I think avoiding contracts entirely and practicing minority unionism instead of wasting time and effort in trying to get full recognition would be a better path towards rebuilding a labor movement. I don't think there's even anything worth recuperating in the AFL-CIO.

ComradeAllende
28th July 2015, 03:03
Well, we all know plenty of reasons to support unions, anyone have any arguments against unions, and ways to address them?

Here in the States, unions are almost always associated with lazy government workers (usually white collar) and mob-like thugs. I understand the first generalization, since our labor movement is most visible in public education and general govt services. But I'm not sure why we picture card-carrying thugs; I would have thought that the decades of violent union-busting would have made us more skeptical of managers...

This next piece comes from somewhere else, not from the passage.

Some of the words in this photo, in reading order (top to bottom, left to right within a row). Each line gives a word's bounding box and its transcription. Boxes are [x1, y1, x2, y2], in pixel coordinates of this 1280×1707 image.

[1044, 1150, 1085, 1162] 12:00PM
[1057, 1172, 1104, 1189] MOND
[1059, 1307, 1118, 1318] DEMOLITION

Also, the labor movement lost its revolutionary fervor after the anti-Communist purges during the Cold War. Decades of ideological purges, fatal complacency, and diminished expectations has transformed the union from a model of participatory democracy into a scleortic and collaborationist bureaucracy.

Sewer Socialist
28th July 2015, 03:16
I'm a little less pessimistic about the concept of revolutionary unions than most people here I think. Revolutionary unions are possible and necessary, in my opinion, though I don't think they're capable of overthrowing capitalism in themselves. At the same time, I think conservative "business unions" are even worse than people in this thread are saying, because very few of them even lift a finger to protect the workers they're meant to represent on the shop floor, and virtually all of them will sign long-term (2-6 year) contracts with clauses that ban strike actions and force the union to go through legal channels that take months to arbitrate and very often side with the employer anyway.

I think avoiding contracts entirely and practicing minority unionism instead of wasting time and effort in trying to get full recognition would be a better path towards rebuilding a labor movement. I don't think there's even anything worth recuperating in the AFL-CIO.

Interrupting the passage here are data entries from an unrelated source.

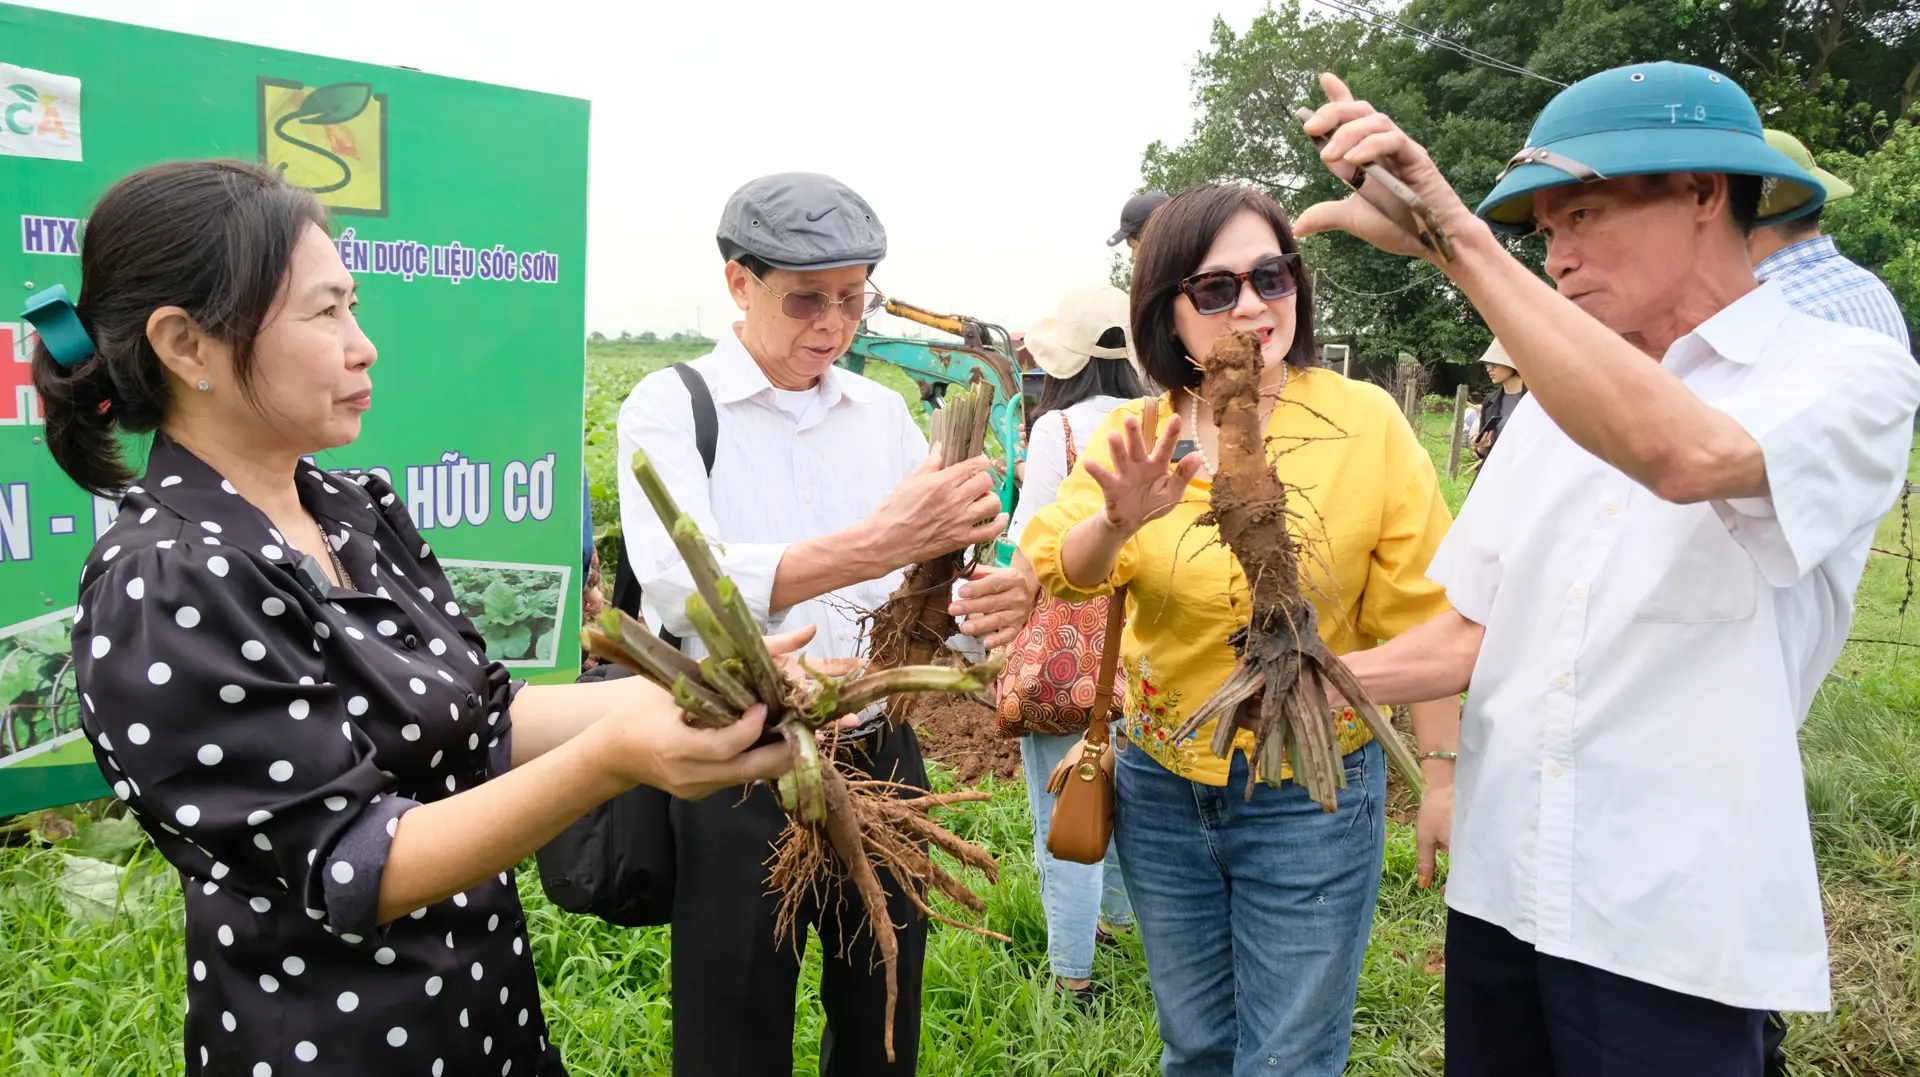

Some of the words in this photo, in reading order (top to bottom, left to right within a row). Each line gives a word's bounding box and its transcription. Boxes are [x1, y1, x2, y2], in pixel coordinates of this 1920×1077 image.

[24, 217, 78, 253] HTX
[374, 241, 428, 280] DƯỢC
[434, 243, 474, 283] LIỆU
[479, 246, 516, 280] SÓC
[521, 251, 557, 281] SƠN
[406, 450, 491, 530] HỮU
[503, 453, 556, 523] CƠ

I agree with you on shitty business unions, but I feel like a huge amount of workers don't want to work on a union they run themselves in the lulls where the boss hasn't done something dastardly.

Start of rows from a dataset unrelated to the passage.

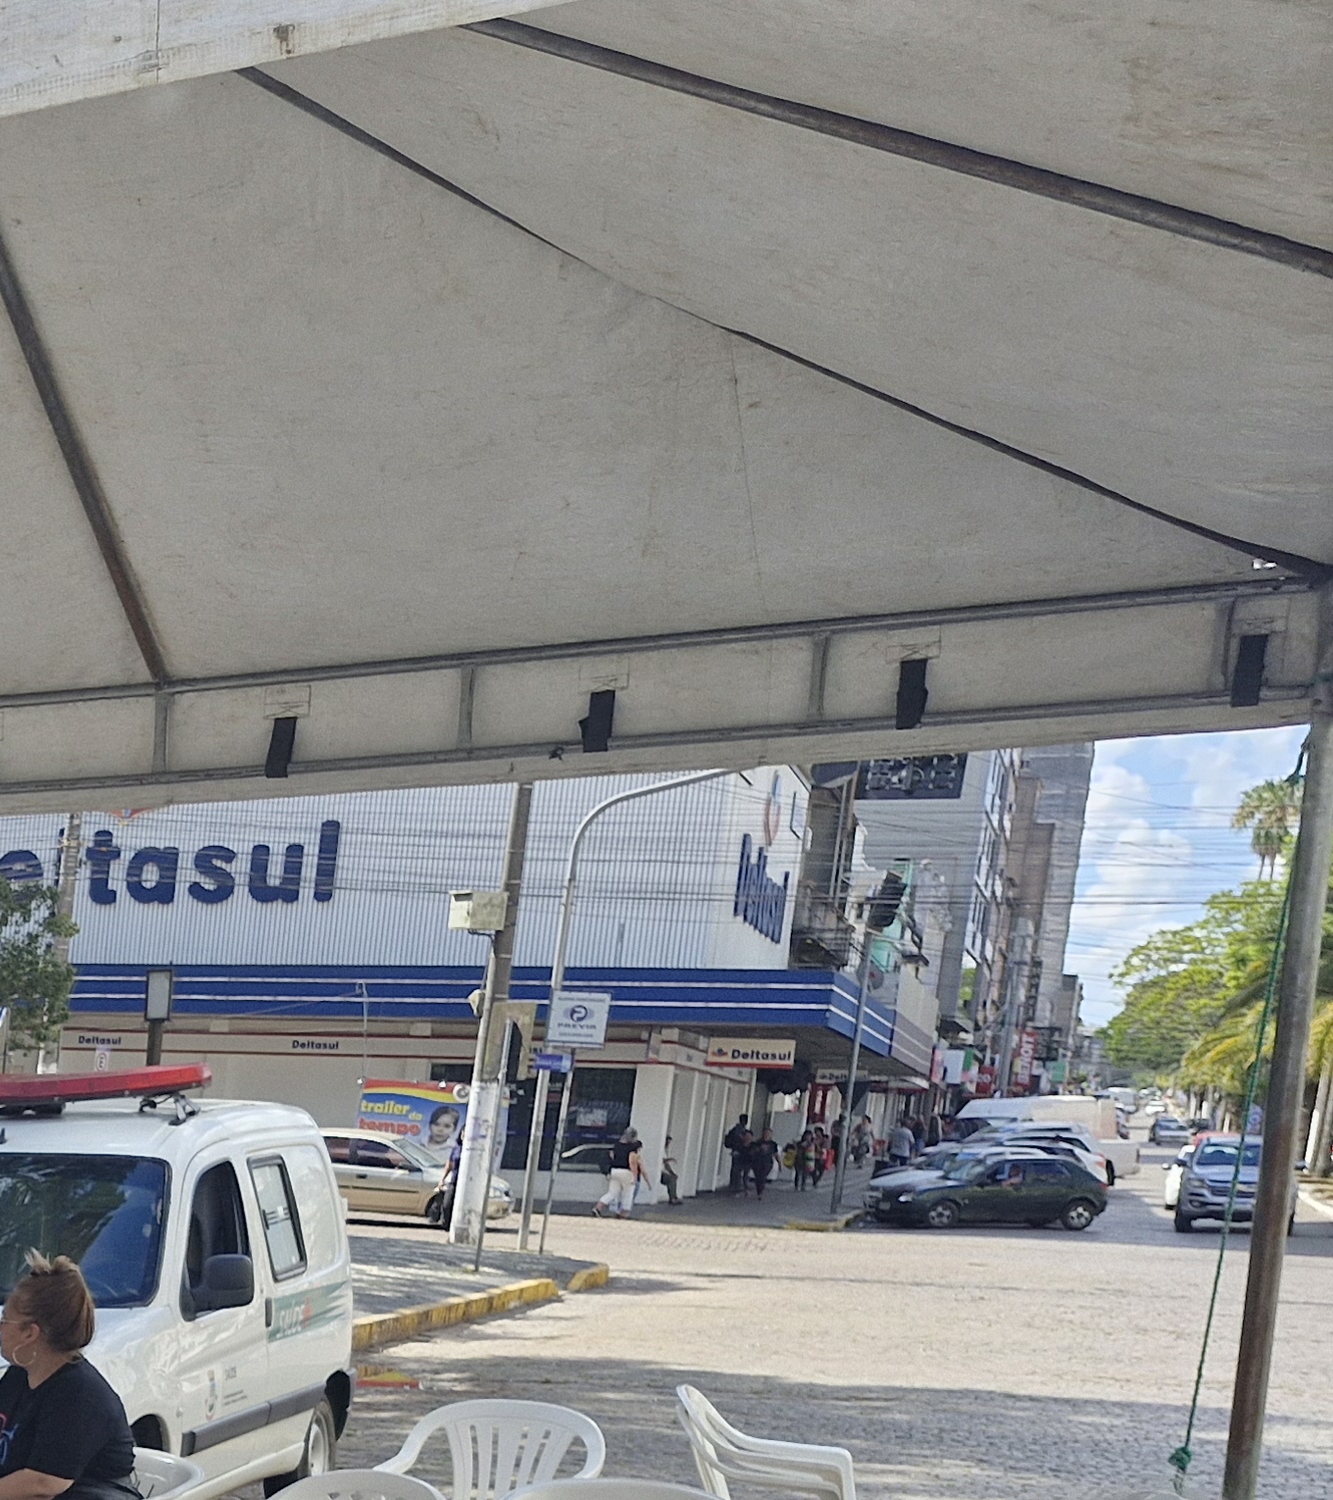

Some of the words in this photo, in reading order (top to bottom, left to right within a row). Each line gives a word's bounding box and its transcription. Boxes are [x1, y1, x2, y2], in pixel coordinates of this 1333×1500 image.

[78, 1035, 121, 1045] Deltasul
[292, 1040, 339, 1050] Deltasul
[731, 1049, 792, 1062] Deltasul
[360, 1100, 411, 1115] trailer
[359, 1118, 421, 1136] tempo

When I was a wob, we had this huge organizing drive at a company where they cut the pay rates slightly, and organized a one-day strike. With 22 out of 23 of the workers in this division striking, they folded in an hour and even agreed to a small raise over the rate they had before the cuts.

...And on the other hand, when nothing terrible happened for a while, no one wanted to be involved, membership declined, and I felt like it was just two people doing all the work, until the next bad thing happened, which was my co-worker (and friend) dying on the job. And after that, while we had another surge of activity, it fell much more quickly, and I kind of stepped back, found something else to be involved in, eventually moved away, and the IWW's involvement with the entire industry pretty much disappeared. That section of the IWW doesn't exist anymore in that town.

Election campaigns aren't always the way to go, but I feel that had we pushed for one at that company when we had near universal support, they would have a union today, instead of none. Shit, for all I know, they pushed that pay cut through again.

Pancakes Rühle
28th July 2015, 05:18
Why do capitalists engage in aggressive union busting and persecute trade unions then?

It's in the interest of capitalists to extract the most possible, but in the overarching interest of capital to deintensify struggle against it.

Decolonize The Left
28th July 2015, 05:33
Unions are essential to capitalist negotiation of exploitation. They don't challenge capital in any way and only serve to deintensify struggles against capital.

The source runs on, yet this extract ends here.